> _EXERCISE DIRECTIONS_
Each of the following records is to be printed verbatim.

[Saved entries]

◇ ◇ ◇ ◇ ◇

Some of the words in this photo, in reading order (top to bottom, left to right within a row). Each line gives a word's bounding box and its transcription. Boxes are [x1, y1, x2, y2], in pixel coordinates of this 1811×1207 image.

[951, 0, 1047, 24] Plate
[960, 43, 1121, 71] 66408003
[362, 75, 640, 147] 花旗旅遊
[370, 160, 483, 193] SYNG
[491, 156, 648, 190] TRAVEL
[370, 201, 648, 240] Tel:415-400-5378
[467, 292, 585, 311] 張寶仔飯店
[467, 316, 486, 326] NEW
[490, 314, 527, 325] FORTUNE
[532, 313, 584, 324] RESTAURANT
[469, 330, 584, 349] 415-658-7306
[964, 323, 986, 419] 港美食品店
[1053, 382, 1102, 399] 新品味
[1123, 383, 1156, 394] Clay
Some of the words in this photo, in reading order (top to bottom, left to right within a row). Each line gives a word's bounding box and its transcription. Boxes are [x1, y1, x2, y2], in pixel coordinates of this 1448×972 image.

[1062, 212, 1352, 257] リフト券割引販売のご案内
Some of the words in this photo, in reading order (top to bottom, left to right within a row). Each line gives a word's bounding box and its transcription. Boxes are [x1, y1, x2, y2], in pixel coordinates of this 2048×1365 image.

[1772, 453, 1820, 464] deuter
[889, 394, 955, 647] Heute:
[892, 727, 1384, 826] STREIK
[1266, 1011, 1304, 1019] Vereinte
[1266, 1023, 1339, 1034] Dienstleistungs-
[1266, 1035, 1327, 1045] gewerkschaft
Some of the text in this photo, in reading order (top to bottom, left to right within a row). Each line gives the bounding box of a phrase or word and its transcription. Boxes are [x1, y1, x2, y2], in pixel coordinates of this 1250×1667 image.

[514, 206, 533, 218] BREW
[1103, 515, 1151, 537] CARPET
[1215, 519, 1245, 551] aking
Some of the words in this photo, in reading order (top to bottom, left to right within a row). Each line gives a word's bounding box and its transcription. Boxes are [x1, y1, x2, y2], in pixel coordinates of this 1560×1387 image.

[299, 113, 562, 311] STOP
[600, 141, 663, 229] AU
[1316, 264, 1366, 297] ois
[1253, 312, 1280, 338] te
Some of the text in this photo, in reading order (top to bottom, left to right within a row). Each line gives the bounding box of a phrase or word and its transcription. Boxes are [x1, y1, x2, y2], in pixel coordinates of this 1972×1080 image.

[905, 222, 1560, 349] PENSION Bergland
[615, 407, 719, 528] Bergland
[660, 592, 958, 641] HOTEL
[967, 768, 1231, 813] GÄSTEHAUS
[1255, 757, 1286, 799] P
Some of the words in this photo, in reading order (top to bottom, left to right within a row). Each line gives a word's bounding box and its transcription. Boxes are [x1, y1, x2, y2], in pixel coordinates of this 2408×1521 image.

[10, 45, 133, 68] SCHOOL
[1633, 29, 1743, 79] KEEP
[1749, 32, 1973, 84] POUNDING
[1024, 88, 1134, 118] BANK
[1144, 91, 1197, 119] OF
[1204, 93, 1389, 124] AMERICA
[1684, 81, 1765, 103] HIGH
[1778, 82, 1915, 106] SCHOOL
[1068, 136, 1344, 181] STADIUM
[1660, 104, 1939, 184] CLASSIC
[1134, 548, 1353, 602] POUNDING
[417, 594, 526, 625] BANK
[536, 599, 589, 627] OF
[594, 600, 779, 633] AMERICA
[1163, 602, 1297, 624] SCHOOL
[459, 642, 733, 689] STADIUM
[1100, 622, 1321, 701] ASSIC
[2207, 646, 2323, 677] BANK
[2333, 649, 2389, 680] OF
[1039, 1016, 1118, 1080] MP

◇ ◇ ◇ ◇ ◇

> _ANSWER TO THIS EXERCISE_
Some of the words in this photo, in reading order (top to bottom, left to right within a row). Each line gives a word's bounding box and its transcription. Boxes are [x1, y1, x2, y2], in pixel coordinates of this 1811×1207 image.

[951, 0, 1047, 24] Plate
[960, 43, 1121, 71] 66408003
[362, 75, 640, 147] 花旗旅遊
[370, 160, 483, 193] SYNG
[491, 156, 648, 190] TRAVEL
[370, 201, 648, 240] Tel:415-400-5378
[467, 292, 585, 311] 張寶仔飯店
[467, 316, 486, 326] NEW
[490, 314, 527, 325] FORTUNE
[532, 313, 584, 324] RESTAURANT
[469, 330, 584, 349] 415-658-7306
[964, 323, 986, 419] 港美食品店
[1053, 382, 1102, 399] 新品味
[1123, 383, 1156, 394] Clay
Some of the words in this photo, in reading order (top to bottom, left to right within a row). Each line gives a word's bounding box and its transcription. Boxes are [x1, y1, x2, y2], in pixel coordinates of this 1448×972 image.

[1062, 212, 1352, 257] リフト券割引販売のご案内
Some of the words in this photo, in reading order (top to bottom, left to right within a row). Each line gives a word's bounding box and its transcription. Boxes are [x1, y1, x2, y2], in pixel coordinates of this 2048×1365 image.

[1772, 453, 1820, 464] deuter
[889, 394, 955, 647] Heute:
[892, 727, 1384, 826] STREIK
[1266, 1011, 1304, 1019] Vereinte
[1266, 1023, 1339, 1034] Dienstleistungs-
[1266, 1035, 1327, 1045] gewerkschaft
Some of the text in this photo, in reading order (top to bottom, left to right within a row). Each line gives the bounding box of a phrase or word and its transcription. Boxes are [x1, y1, x2, y2], in pixel coordinates of this 1250×1667 image.

[514, 206, 533, 218] BREW
[1103, 515, 1151, 537] CARPET
[1215, 519, 1245, 551] aking
Some of the words in this photo, in reading order (top to bottom, left to right within a row). Each line gives a word's bounding box and its transcription. Boxes are [x1, y1, x2, y2], in pixel coordinates of this 1560×1387 image.

[299, 113, 562, 311] STOP
[600, 141, 663, 229] AU
[1316, 264, 1366, 297] ois
[1253, 312, 1280, 338] te
Some of the text in this photo, in reading order (top to bottom, left to right within a row). Each line gives the bounding box of a phrase or word and its transcription. Boxes are [x1, y1, x2, y2], in pixel coordinates of this 1972×1080 image.

[905, 222, 1560, 349] PENSION Bergland
[615, 407, 719, 528] Bergland
[660, 592, 958, 641] HOTEL
[967, 768, 1231, 813] GÄSTEHAUS
[1255, 757, 1286, 799] P
Some of the words in this photo, in reading order (top to bottom, left to right within a row). Each line gives a word's bounding box and its transcription. Boxes are [x1, y1, x2, y2], in pixel coordinates of this 2408×1521 image.

[10, 45, 133, 68] SCHOOL
[1633, 29, 1743, 79] KEEP
[1749, 32, 1973, 84] POUNDING
[1024, 88, 1134, 118] BANK
[1144, 91, 1197, 119] OF
[1204, 93, 1389, 124] AMERICA
[1684, 81, 1765, 103] HIGH
[1778, 82, 1915, 106] SCHOOL
[1068, 136, 1344, 181] STADIUM
[1660, 104, 1939, 184] CLASSIC
[1134, 548, 1353, 602] POUNDING
[417, 594, 526, 625] BANK
[536, 599, 589, 627] OF
[594, 600, 779, 633] AMERICA
[1163, 602, 1297, 624] SCHOOL
[459, 642, 733, 689] STADIUM
[1100, 622, 1321, 701] ASSIC
[2207, 646, 2323, 677] BANK
[2333, 649, 2389, 680] OF
[1039, 1016, 1118, 1080] MP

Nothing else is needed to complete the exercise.